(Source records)
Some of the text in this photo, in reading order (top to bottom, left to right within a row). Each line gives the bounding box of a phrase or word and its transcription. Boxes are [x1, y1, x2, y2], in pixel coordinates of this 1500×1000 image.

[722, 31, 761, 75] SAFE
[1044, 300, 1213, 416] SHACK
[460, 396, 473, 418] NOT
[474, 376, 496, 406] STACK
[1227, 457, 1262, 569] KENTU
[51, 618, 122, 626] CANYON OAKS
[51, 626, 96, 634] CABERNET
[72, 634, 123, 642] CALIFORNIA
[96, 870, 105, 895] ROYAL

> **WORK ITEM**: Please print the records above exactly, leaving nothing out.

> **TASK ANSWER**:
Some of the text in this photo, in reading order (top to bottom, left to right within a row). Each line gives the bounding box of a phrase or word and its transcription. Boxes are [x1, y1, x2, y2], in pixel coordinates of this 1500×1000 image.

[722, 31, 761, 75] SAFE
[1044, 300, 1213, 416] SHACK
[460, 396, 473, 418] NOT
[474, 376, 496, 406] STACK
[1227, 457, 1262, 569] KENTU
[51, 618, 122, 626] CANYON OAKS
[51, 626, 96, 634] CABERNET
[72, 634, 123, 642] CALIFORNIA
[96, 870, 105, 895] ROYAL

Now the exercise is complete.